28 May – 3 October 2010.

Philip Lorca diCorcia, Head series, 2002.

Let’s get something clear. EXPOSED is not an easy exhibition. Challenging, confronting, at times horrifically violent and voyeuristic, at others compelling and strangely beautiful. It is all these things. It messes with your head, your sense of propriety and your definitions, however tenuous, of what makes one photo art and another just perverse. Both visually and intellectually, this makes for a compelling, if occasionally uncomfortable, encounter.

There is a certain timeliness to this exhibition and its study of voyeurism, surveillance and the camera. We’re in an age unlike any before where technology rules the day – and wiretaps, live streaming, camera phones and paparazzi chases are the resigned norm. Examining photography as an invasive act immediately confronts the complacency with which we accept these invasions, encourage them even in our curiosity, and though it falters in parts and overwhelms in others (this is a huge exhibition), EXPOSED successfully addresses a number of the social, cultural and psychologically motivating factors behind these kinds of images – why we take them and why we look at them. Critical to this engagement is the wall text at the beginning, which states that most of the hundreds of photographs on display were taken without the subject’s knowledge. It is a distinctly creepy start.

Lee Friedlander, New York City, 1966.

Philip-Lorcia diCorcia’s Head series perhaps best embodies this conundrum. Visually they are not terribly shocking or even necessarily interesting. Theatrical lighting catches the head of someone in a crowd and the effect is of a staged encounter. In fact, these people, denominated variously as Head #23 or Head #4, were photographed without their knowledge by a series of hidden cameras, the flash triggering as they walked by. Famously, one of diCorcia’s unwitting targets tried to take legal action against him but the landmark ruling defended the artist and his right to self-expression over any right the subject might have over their own image. It is difficult to know which is worse – to be censored or to be spied upon.

DiCorcia’s contemporary street photography is contextualised by a wide range of historical precedents with work by Walker Evans, Garry Winogrand and Lee Friedlander also on show. Friendlander’s New York City, 1966 in particular illustrates the hunt and shoot mentality of the street photographer, the photograph capturing a menacing shadow imprinted on the back of an unaware woman as she walks down the street.

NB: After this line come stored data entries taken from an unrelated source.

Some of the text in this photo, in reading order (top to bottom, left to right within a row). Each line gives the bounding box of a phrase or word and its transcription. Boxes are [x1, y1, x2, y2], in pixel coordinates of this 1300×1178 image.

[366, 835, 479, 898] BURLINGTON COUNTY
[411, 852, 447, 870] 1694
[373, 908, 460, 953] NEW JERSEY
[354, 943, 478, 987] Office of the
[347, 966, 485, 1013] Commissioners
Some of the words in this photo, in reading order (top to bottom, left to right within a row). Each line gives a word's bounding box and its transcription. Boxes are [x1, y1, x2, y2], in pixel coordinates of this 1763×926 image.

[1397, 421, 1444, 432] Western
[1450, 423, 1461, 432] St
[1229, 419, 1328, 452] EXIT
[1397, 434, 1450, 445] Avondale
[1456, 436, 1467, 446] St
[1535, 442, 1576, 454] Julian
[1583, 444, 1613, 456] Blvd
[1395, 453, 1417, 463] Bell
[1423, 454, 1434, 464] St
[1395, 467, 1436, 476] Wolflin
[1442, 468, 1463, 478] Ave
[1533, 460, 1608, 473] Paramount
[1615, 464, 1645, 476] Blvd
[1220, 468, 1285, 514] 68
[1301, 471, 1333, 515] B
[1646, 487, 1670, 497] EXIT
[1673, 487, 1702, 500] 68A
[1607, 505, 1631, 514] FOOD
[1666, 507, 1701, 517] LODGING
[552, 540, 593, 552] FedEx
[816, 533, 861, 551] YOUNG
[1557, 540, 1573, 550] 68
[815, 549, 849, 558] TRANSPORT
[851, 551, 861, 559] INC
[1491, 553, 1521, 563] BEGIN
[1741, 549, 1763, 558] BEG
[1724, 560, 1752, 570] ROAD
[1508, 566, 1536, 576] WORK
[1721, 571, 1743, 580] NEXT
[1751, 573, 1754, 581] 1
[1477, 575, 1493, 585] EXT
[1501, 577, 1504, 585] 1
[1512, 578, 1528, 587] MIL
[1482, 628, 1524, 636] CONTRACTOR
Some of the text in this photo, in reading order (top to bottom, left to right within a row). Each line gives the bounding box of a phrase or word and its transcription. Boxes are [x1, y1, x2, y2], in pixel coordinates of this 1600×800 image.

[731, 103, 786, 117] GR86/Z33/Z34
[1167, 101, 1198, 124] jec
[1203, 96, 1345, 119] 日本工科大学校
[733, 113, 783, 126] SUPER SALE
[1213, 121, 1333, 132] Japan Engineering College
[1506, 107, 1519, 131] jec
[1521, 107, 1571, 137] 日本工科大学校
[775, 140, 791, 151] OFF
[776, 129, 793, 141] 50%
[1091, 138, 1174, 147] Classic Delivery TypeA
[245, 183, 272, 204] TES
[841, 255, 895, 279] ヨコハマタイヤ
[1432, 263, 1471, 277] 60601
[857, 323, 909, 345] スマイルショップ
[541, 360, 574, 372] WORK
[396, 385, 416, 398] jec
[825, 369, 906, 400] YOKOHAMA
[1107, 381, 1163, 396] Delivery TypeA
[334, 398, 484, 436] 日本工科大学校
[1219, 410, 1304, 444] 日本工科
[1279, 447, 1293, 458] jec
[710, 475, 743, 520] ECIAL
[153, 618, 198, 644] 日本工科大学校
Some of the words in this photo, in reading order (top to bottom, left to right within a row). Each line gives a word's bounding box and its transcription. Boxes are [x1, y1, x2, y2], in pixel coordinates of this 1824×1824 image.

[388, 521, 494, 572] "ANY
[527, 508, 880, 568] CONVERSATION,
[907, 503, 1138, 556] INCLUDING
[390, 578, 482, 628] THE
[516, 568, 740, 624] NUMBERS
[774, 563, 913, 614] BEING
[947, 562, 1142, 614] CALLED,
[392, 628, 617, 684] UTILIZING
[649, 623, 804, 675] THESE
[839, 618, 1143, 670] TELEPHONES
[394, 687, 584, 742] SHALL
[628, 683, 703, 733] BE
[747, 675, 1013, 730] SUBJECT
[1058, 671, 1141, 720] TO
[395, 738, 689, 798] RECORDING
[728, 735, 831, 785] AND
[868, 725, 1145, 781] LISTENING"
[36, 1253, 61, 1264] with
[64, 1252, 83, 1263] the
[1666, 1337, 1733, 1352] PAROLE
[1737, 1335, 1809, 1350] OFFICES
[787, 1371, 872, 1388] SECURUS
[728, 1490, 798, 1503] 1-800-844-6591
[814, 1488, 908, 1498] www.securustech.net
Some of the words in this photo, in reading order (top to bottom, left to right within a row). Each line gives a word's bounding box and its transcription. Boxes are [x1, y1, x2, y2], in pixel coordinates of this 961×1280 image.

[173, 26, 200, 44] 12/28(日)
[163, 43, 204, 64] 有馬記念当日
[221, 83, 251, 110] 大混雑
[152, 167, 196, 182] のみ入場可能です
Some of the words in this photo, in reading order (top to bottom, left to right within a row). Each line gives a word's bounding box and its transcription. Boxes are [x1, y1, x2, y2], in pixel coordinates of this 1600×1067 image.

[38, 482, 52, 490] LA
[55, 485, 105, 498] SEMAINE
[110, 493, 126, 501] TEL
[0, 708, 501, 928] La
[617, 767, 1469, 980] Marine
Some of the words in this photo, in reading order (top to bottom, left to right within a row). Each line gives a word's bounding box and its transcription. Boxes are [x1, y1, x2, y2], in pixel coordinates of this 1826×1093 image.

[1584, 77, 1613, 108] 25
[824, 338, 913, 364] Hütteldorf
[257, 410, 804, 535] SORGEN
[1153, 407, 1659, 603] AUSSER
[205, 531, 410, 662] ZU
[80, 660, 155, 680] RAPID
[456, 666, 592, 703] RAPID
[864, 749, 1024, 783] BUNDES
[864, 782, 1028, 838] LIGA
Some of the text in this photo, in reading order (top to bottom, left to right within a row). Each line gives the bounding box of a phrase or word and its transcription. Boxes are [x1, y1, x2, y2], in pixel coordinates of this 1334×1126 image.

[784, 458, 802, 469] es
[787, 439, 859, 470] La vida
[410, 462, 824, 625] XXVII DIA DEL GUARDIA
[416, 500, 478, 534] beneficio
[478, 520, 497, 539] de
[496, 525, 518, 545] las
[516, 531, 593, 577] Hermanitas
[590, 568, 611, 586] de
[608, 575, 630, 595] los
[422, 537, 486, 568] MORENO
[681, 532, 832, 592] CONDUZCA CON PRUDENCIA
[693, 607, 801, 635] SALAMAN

RIchard Avedon, Andy Warhol, 1969.

The leap from documentary or street photography to paparazzi’s chasing celebrities is not a huge one but thankfully the exhibition does not dwell much beyond Alison Jackson’s parodic pap shots of celebrity lookalikes. Princess Diana, perhaps the most famous victim of the long lens is accorded only a glass case with newspaper clippings trumpeting blame for her death at the hands of the paparazzi. Nick Ut’s photograph of Paris Hilton being returned to Prison in 2007 is neatly contextualised by Giuseppe Primoli’s equally tasteless photograph of Impressionist painter Edgar Degas exiting a pissoir in Paris in the early 1880s.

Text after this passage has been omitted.